Long before the instant incident, the constitutional right to be free from state violation of bodily integrity was well established. It is that right that McClendon asserts: His bodily integrity was violated when he was ruthlessly shot in the face by Loftin with the very gun that had been unlawfully entrusted to him by Detective Carney. McClendon does not contend that Carney, as a state actor, created the danger that produced his blinding injury; he does contend ? correctly ? that (1) Carney had to be totally aware of the potential of a physically violent confrontation between McClendon and Loftin, (2) Carney had to know (or at least is presumed to have known) that the act of arming Loftin was unlawful under Mississippi law, (3) the overt, unlawful act of commission in arming Loftin was undeniably reckless and thus done with deliberate indifference, and (4) Carney’s state act not only increased and enhanced the likelihood that McClendon’s bodily integrity would be violated; it made it a virtual certainty.

92

This leaves as the only open issue not whether the danger was state created (or even state enhanced) but whether the reckless, deliberately indifferent act of Detective Carney, as a state actor, was a producing cause of the violation of McClendon’s constitutional right.

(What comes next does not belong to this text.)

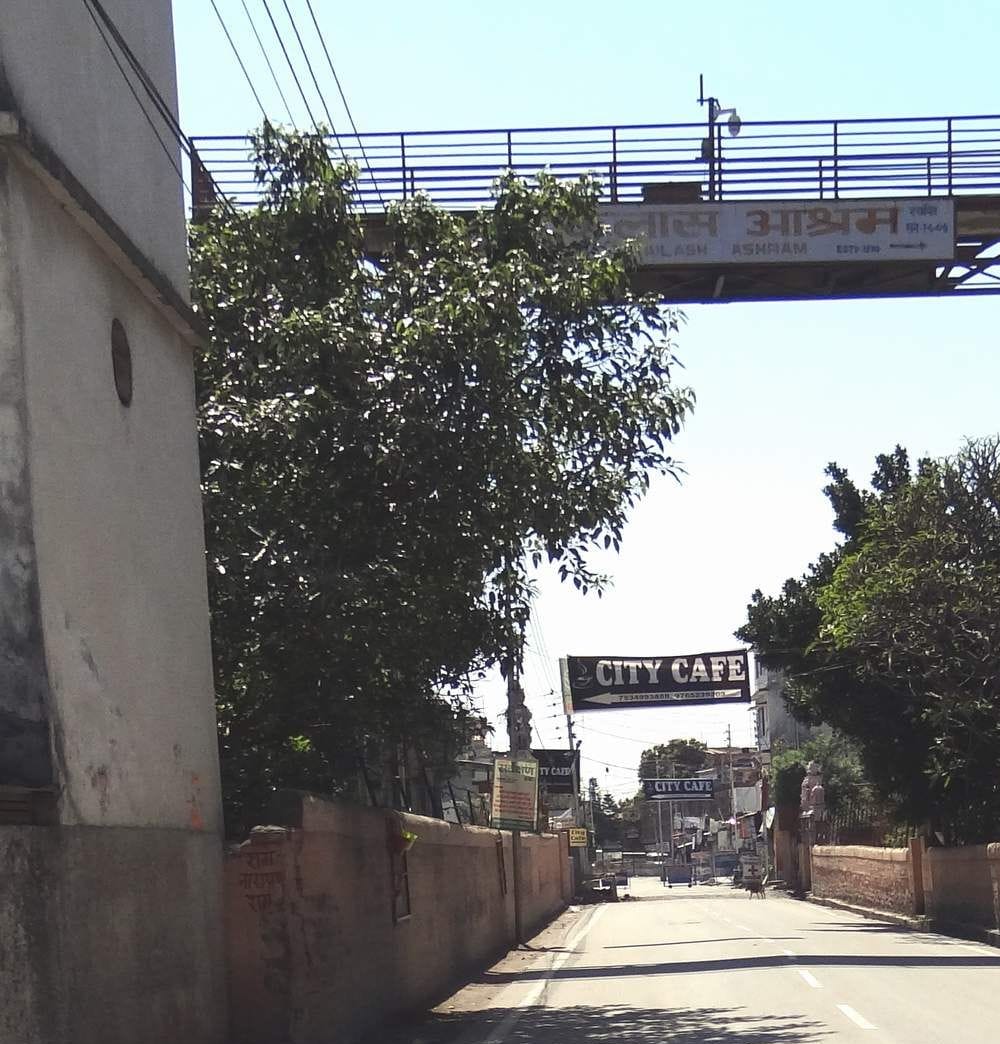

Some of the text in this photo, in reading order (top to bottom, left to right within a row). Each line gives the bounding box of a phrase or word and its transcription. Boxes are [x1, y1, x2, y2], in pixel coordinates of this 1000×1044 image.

[746, 206, 898, 237] आश्रम
[732, 242, 807, 255] ASHRAM
[596, 655, 746, 686] CITY CAFE
[654, 781, 713, 792] CITY CAFE

If this case presents any legal question, therefore, it is whether there is a sufficient nexus between the deliberately indifferent state act and the violation of the citizen’s right to bodily integrity. Stated differently, was the intervening action of the non-state actor, Loftin, which clearly violated the victim’s bodily integrity, sufficiently causally connected to the behavior of the state actor, Detective Carney, as to constitute the legally actionable cause of the violation of McClendon’s constitutional right?

93

We have previously held that a remote state actor can be denied qualified immunity when his deliberate indifference exposes the victim to a constitutional violation perpetrated by an interposed party, even in situations that would be non-custodial under DeShaney. For example, we denied qualified immunity to the school principal in Doe v. Taylor ISD1 because his deliberate indifference, in light of information no more damning than that possessed by Detective Carney, not only increased the likelihood of the young schoolgirls’ bodily integrity being violated by a third party (the predatory teacher/coach whom the principal’s alleged recklessness allowed to continue in a position of predation); it made the violation possible. That the teacher/coach was himself a state actor and the instant confidential informant was not is a distinction without a difference to this taxonomy. In both cases, the interposed party acted precisely as the facts clearly known to the state actor ? the school principal in Doe and Detective Carney here ? would predict. The state actor’s deliberate indifference was the sine qua non to the constitutional violation.

94

Because a genuine issue of material fact is presented in this case regarding the Detective’s role in the violation of McClendon’s clearly established constitutional right to an inviolate bodily integrity, I respectfully dissent from the grant of qualified immunity grounded in the spurious and inapplicable issue of state-created danger. This is a garden variety case implicating the violation of a clearly established constitutional right, which violation flowed from the reckless and unlawful?deliberately indifferent ? behavior of a state actor that was objectively unreasonable under the plethora of facts known to him at the time. This case should go to trial to flesh out all the facts and let the jury determine whether the deliberate indifference of Detective Carney had a sufficient nexus with the constitutional violation suffered by McClendon, given the interposition of the confidential informant (not a state actor) who was armed by Carney and sent forth to a violent confrontation that Carney had to know was imminent.

Notes:

1

15 F.3d 443 (5th Cir.1994)(en banc).